En un informe reciente, la agencia de calificación crediticia Moody's advierte de que, en ausencia de reformas estructurales que impongan planes de choque, la deuda pública española escalará en las próximas décadas hasta situarse en el 125% del PIB en 2040 (ahora roza el 98%), debido precisamente al gasto que conllevará el envejecimiento de la población. En el estudio, los analistas comparan a España con países como Italia, donde la población envejecida provocará que la deuda pública llegue al 250% del PIB, y Japón, donde alcanzará el 300%.

A más corto plazo, la deuda pública seguirá lejos del objetivo europeo del 60% del PIB durante los próximos años. Ayer mismo la Comisión dio a conocer sus previsiones económicas de otoño y el panorama que dibujan no es nada halagüeño. Según sus estimaciones, la deuda pública cerrará este año en el 96,7%, para estancarse en el 96,6% en 2020 y en el 96% en 2021. Y ello en un contexto de desaceleración de la economía mucho más intensa de lo que preveían hace solo unos meses. Ahora Bruselas proyecta que el PIB crecerá un 1,9% en 2019 y un 1,5% en 2020, en ambos casos, cuatro décimas menos que en las anteriores previsiones.

Frenazo del empleo

Y la peor parte del frenazo se la lleva el mercado laboral. El Ejecutivo comunitario estima que el ritmo de creación de empleo pasará del 2,2% de este año al 1% en 2020, lo que implica que España pasará de generar 412.000 empleos a apenas 184.000 en doce meses. Esto mermará considerablemente los ingresos por cotizaciones, lo que tensará aún más las cuentas de la Seguridad Social, que cada vez soportan pensiones más caras gracias a las mejores carreras profesionales acumuladas por los nuevos jubilados.

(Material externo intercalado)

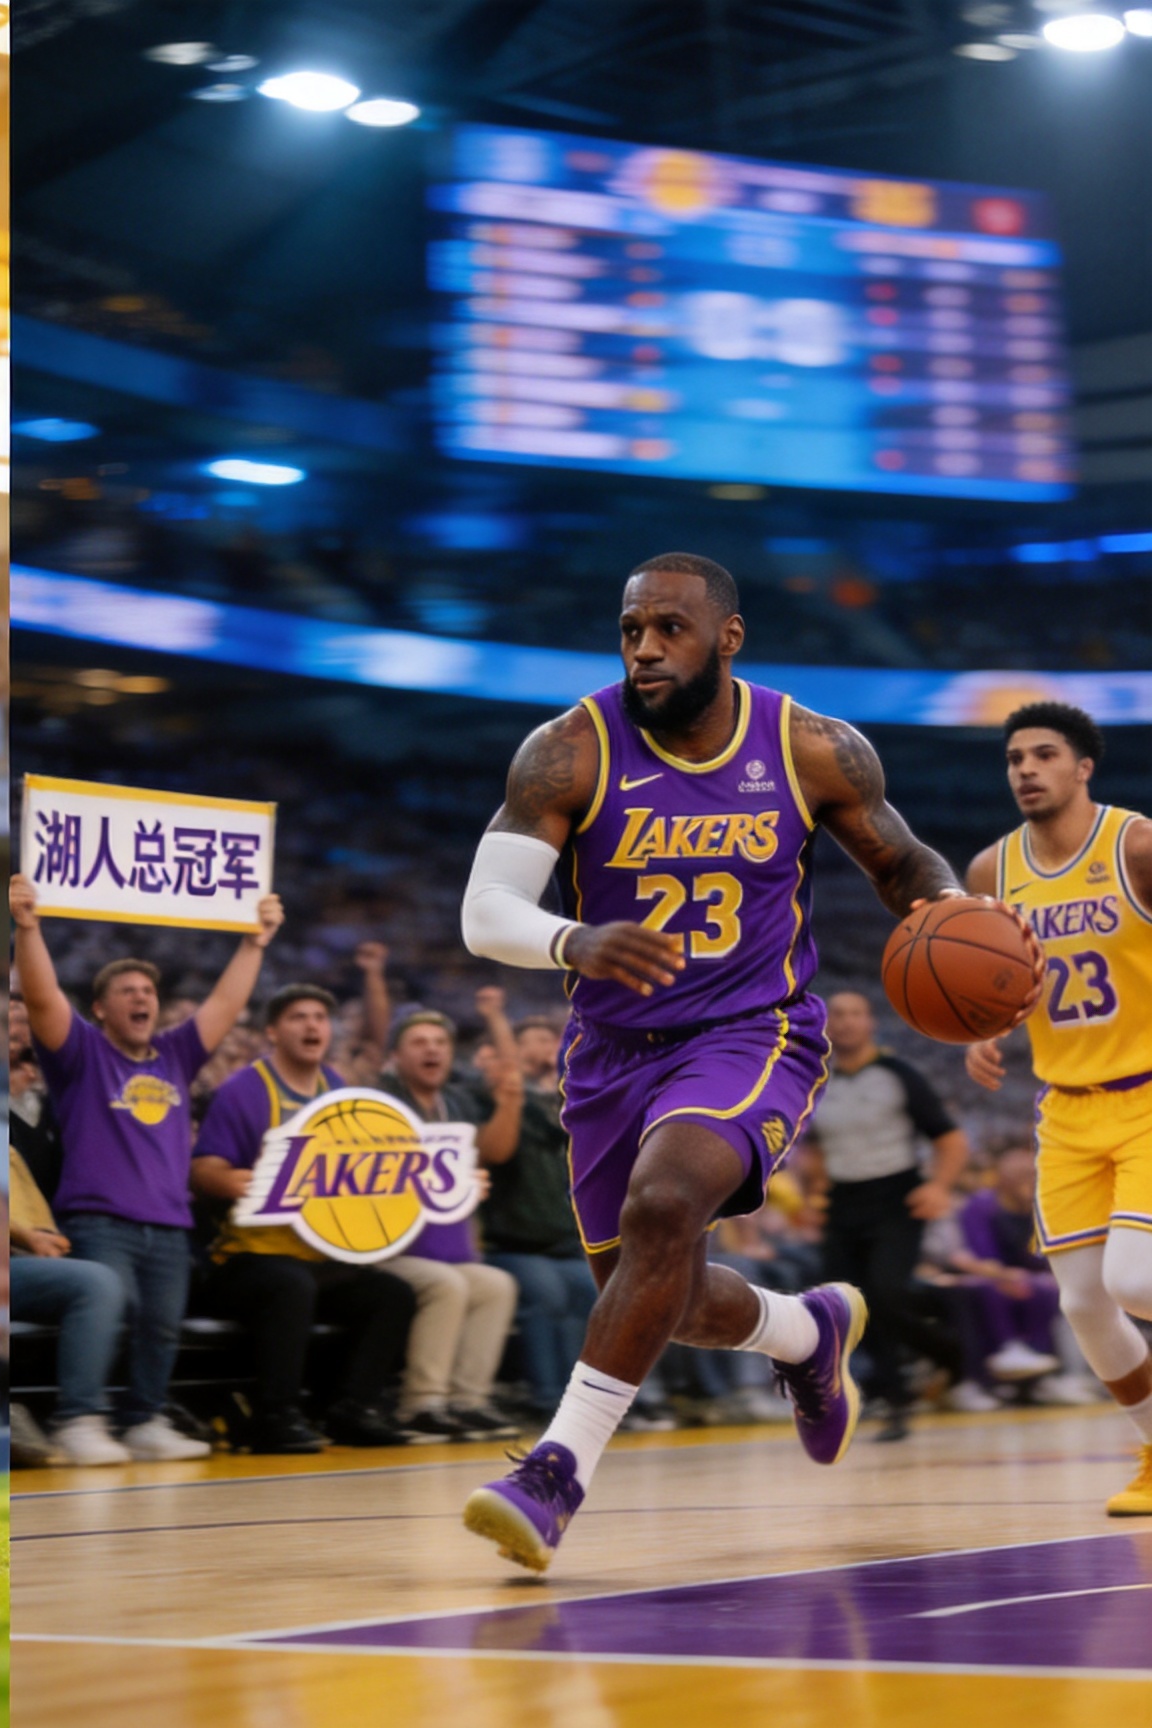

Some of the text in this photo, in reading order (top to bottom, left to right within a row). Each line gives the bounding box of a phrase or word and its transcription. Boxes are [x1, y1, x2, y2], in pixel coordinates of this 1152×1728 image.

[33, 809, 261, 900] 湖人总冠军
[602, 807, 780, 869] LAKERS
[635, 871, 743, 959] 23
[1047, 950, 1117, 1023] 23
[252, 1134, 472, 1214] LAKERS
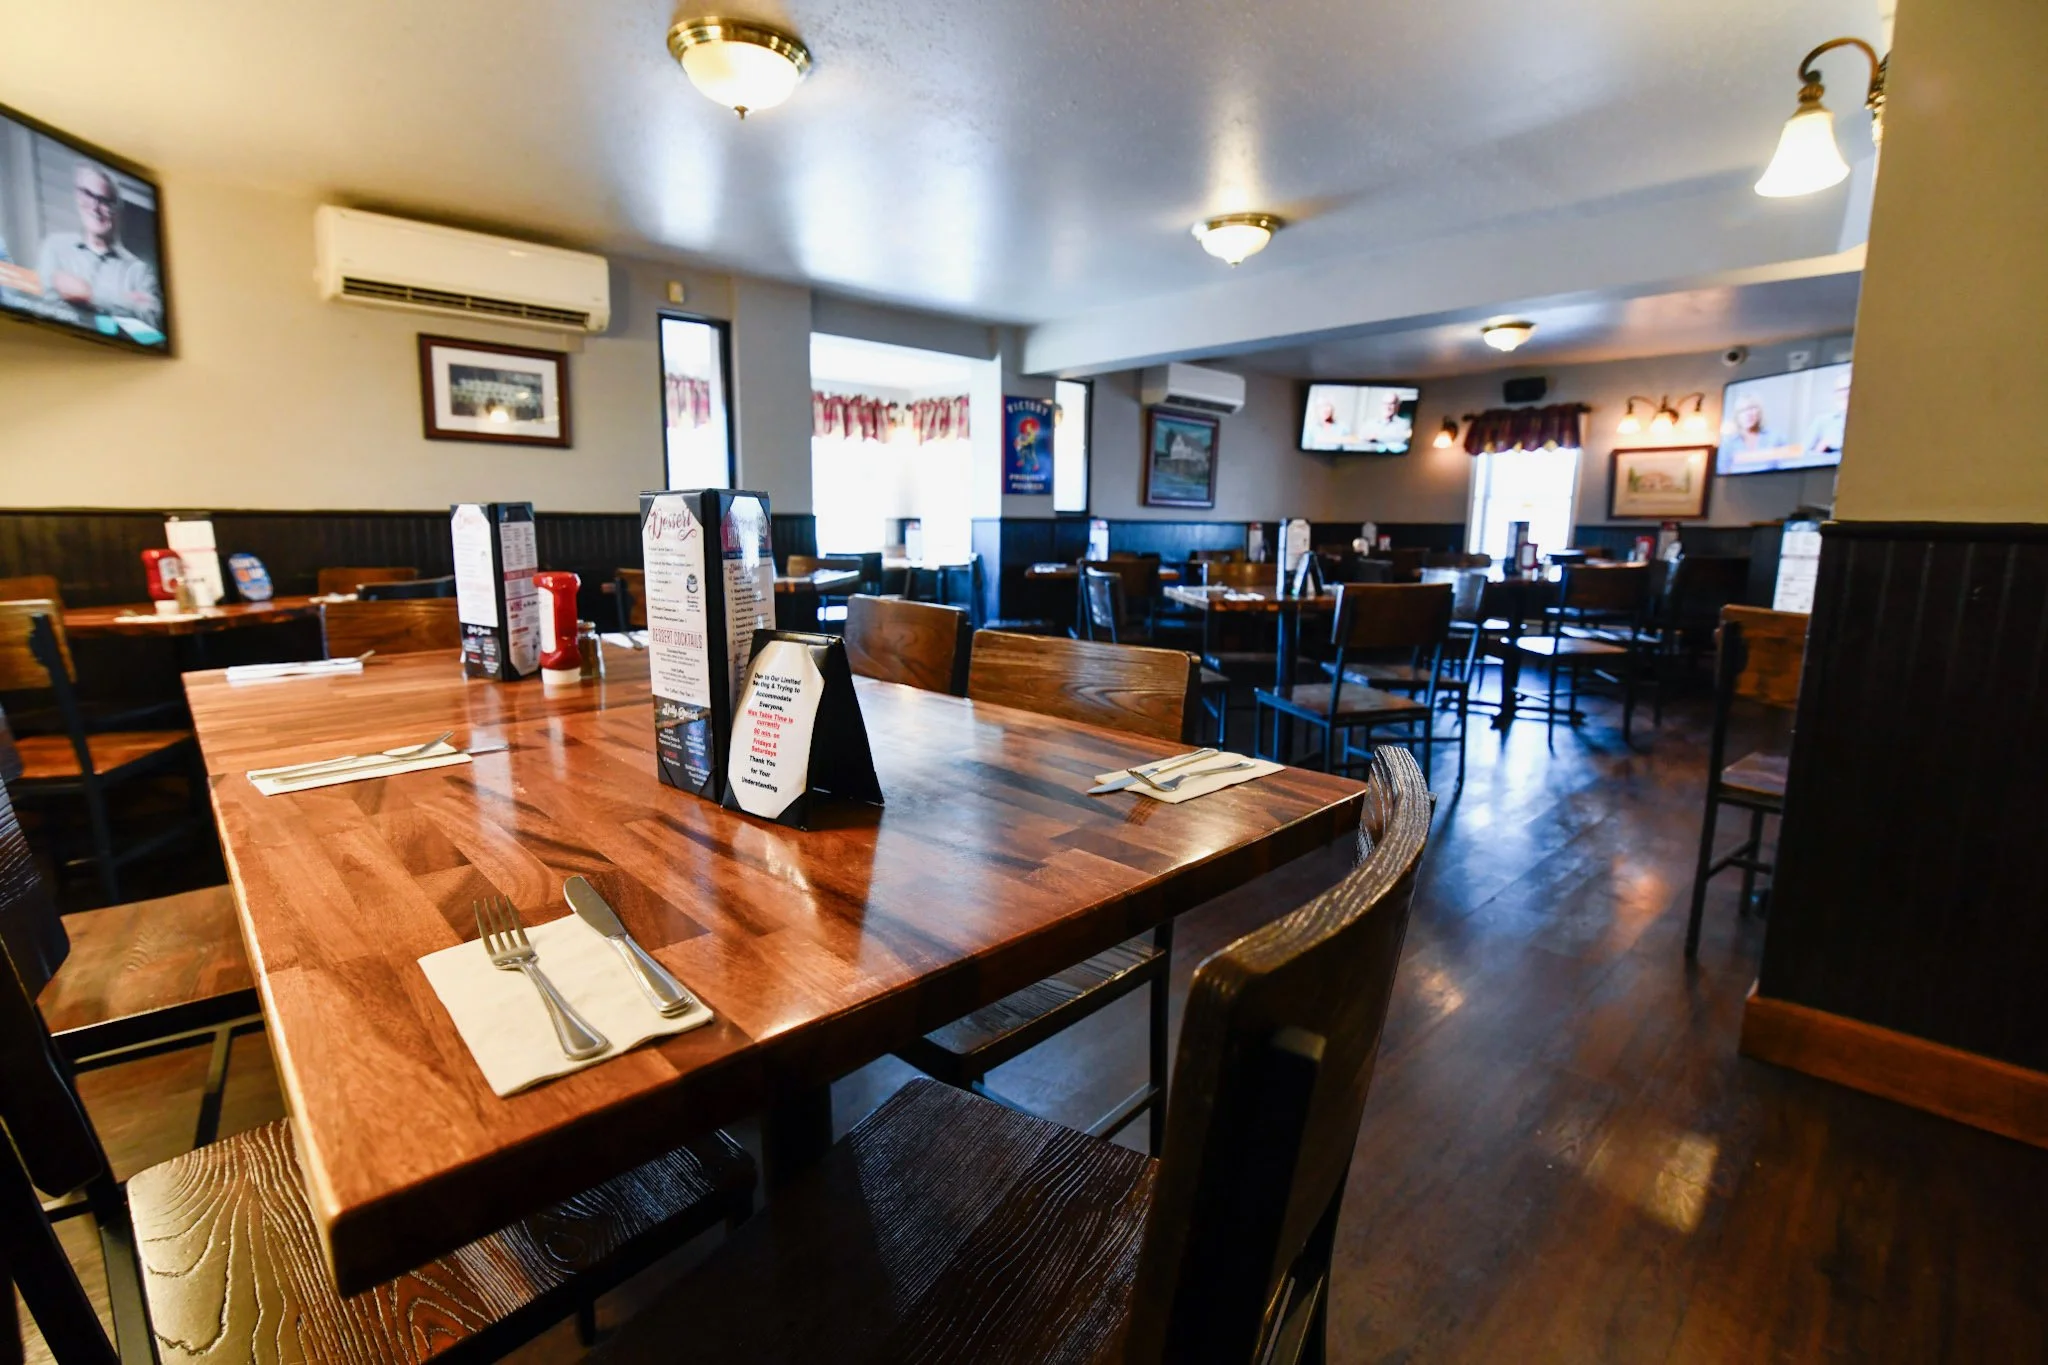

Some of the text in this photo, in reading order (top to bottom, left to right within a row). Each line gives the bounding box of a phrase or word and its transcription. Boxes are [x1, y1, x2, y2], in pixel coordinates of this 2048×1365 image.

[1007, 401, 1047, 416] VICTORY
[648, 508, 692, 540] Dessert
[652, 628, 703, 649] DESSERT COCKTAILS
[781, 676, 801, 685] Limited
[777, 683, 794, 693] Trying
[756, 691, 792, 702] Accommodate
[759, 701, 784, 712] Everyone,
[759, 711, 773, 719] Table
[774, 713, 788, 722] Time
[757, 720, 780, 729] currently
[753, 738, 771, 748] Fridays
[751, 745, 777, 757] Saturdays
[749, 755, 765, 765] Thank
[759, 769, 770, 777] Your
[742, 776, 778, 792] Understanding
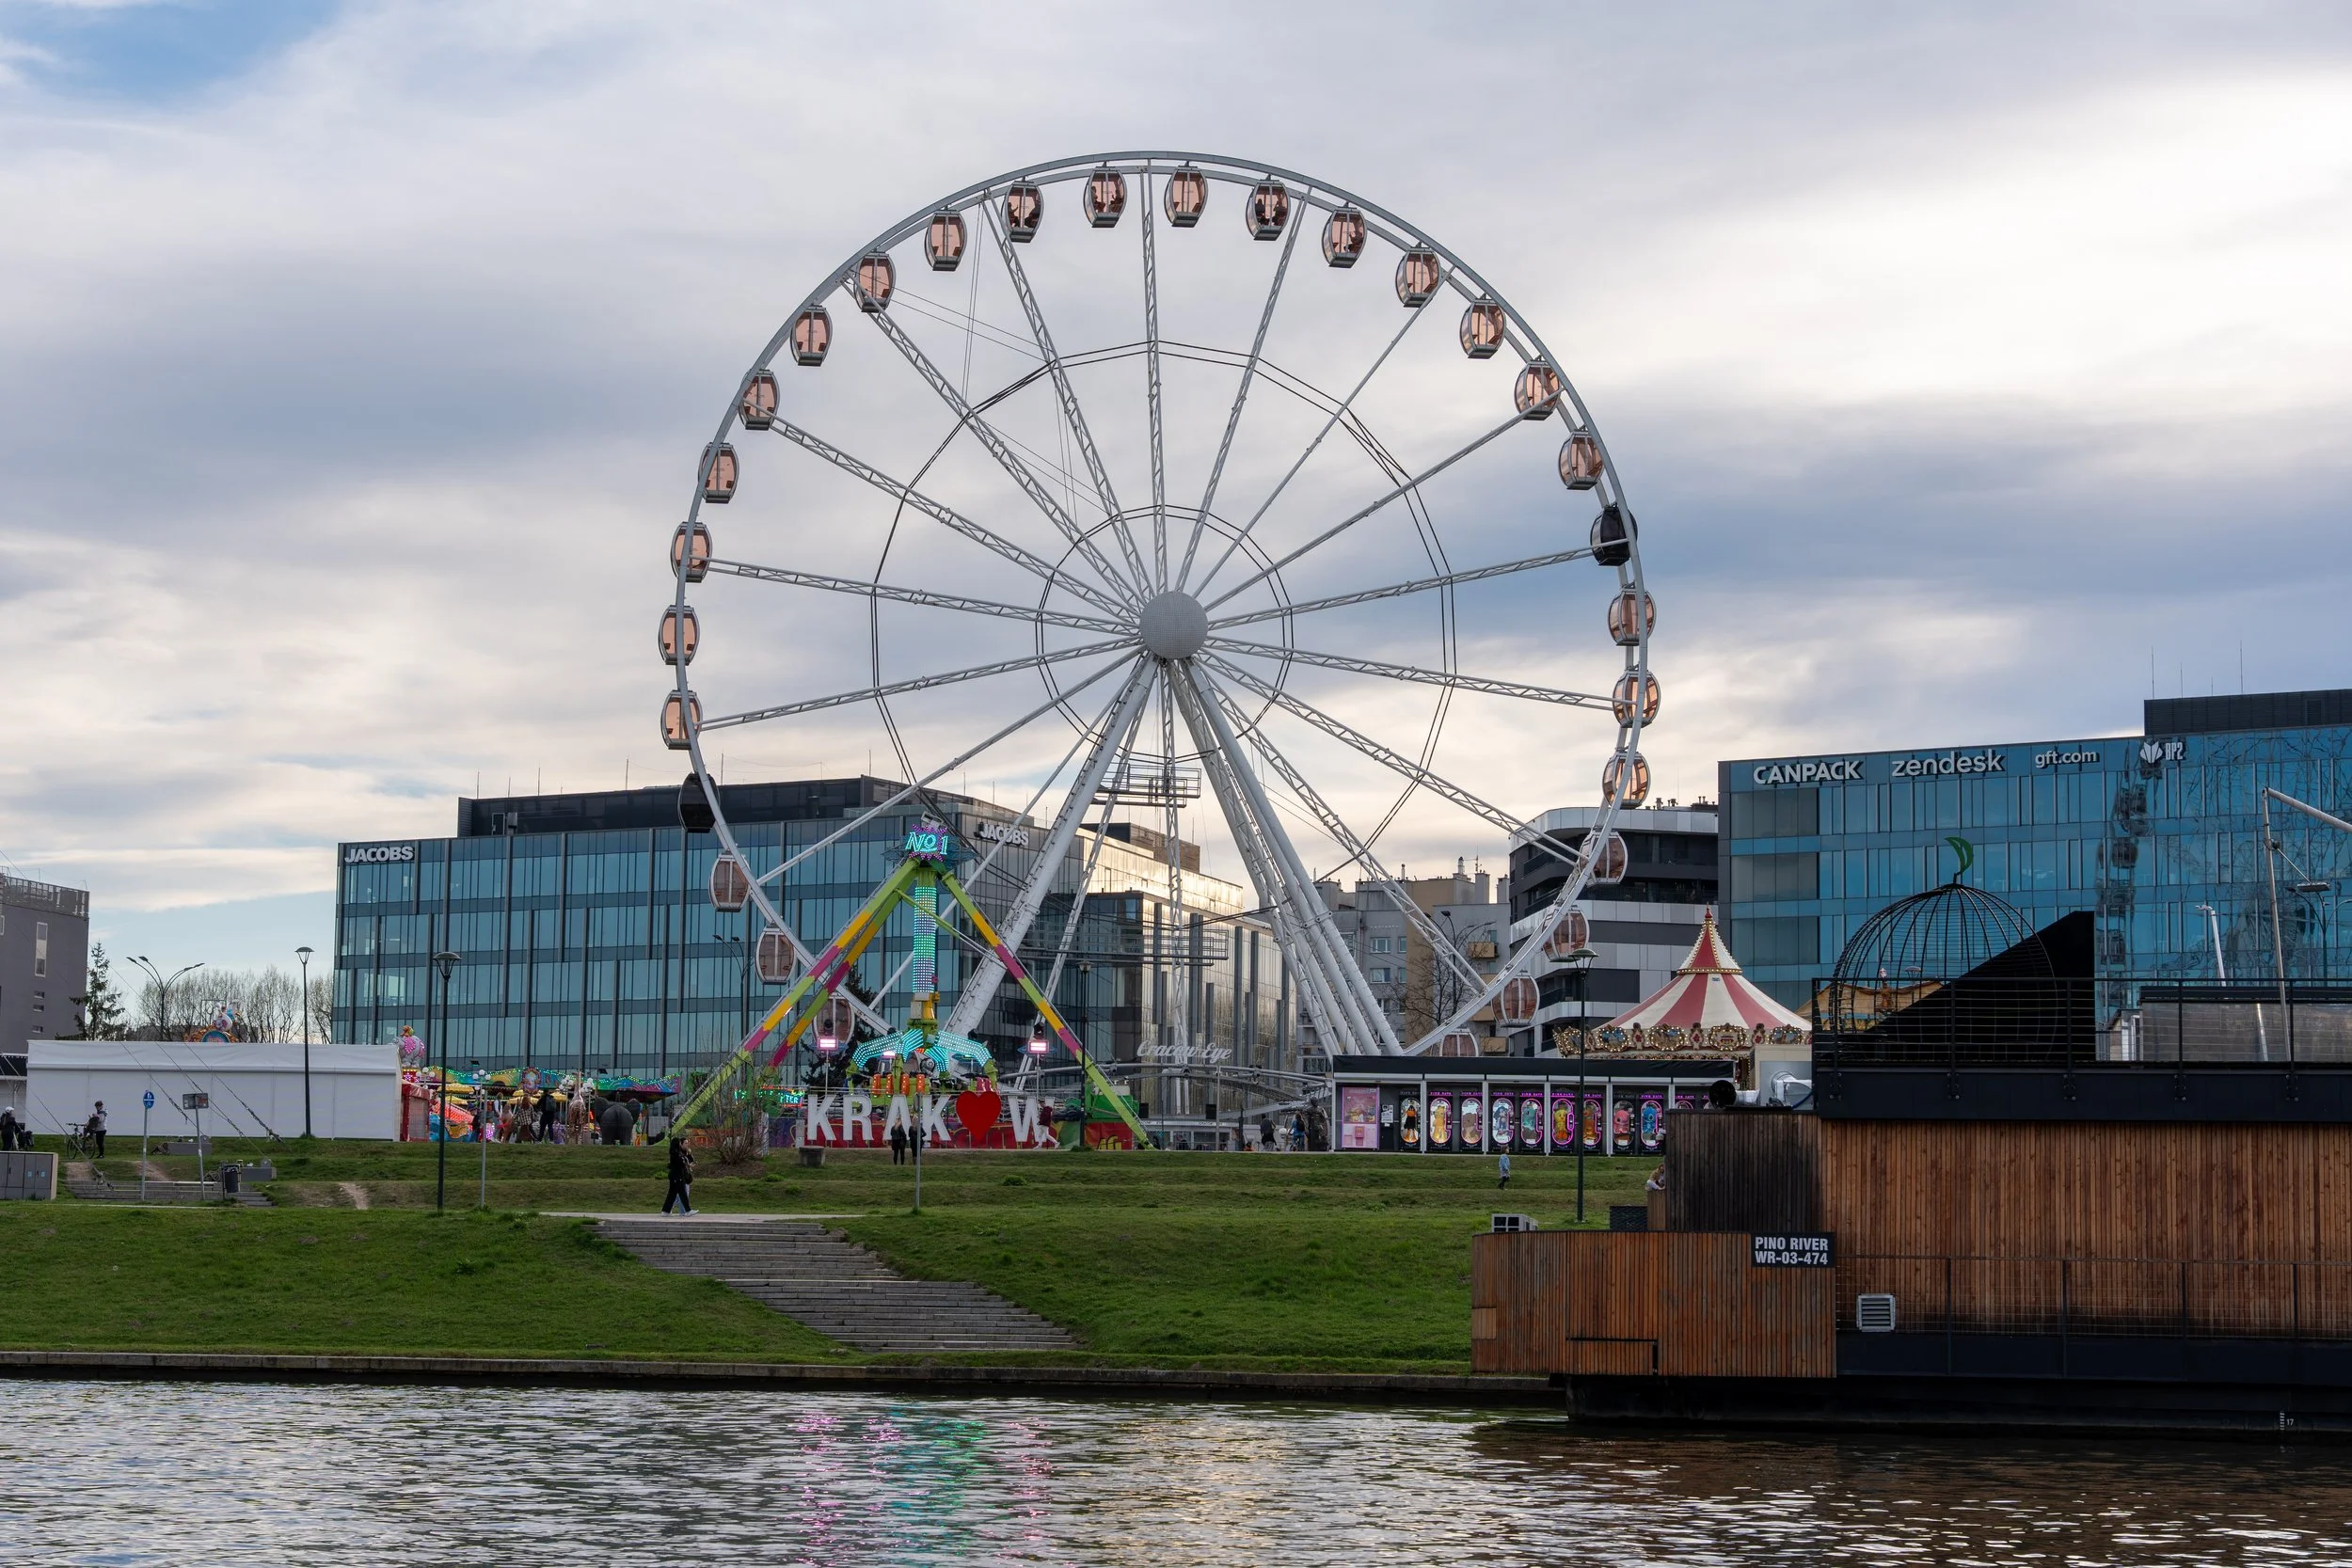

Este es el cóctel con el que tendrá que trabajar el próximo Gobierno. Todo apunta a que los cambios en la legislación laboral y la reforma de las pensiones serán los grandes retos de la legislatura. El Pacto de Toledo, la comisión parlamentaria responsable de indicar por dónde va el camino hacia la reforma más adecuada, volverá a empezar de cero cuando se constituyan las Cortes. El principal reto pasa por depurar los ingresos y gastos del sistema para hacerlo sostenible, garantizando al mismo tiempo el poder adquisitivo de los pensionistas. Los partidos ya han puesto sus recetas sobre la mesa. La campaña electoral termina hoy, y el domingo 37 millones de españoles decidirán en las urnas, entre otros muchos asuntos, qué modelo de pensiones públicas prefieren.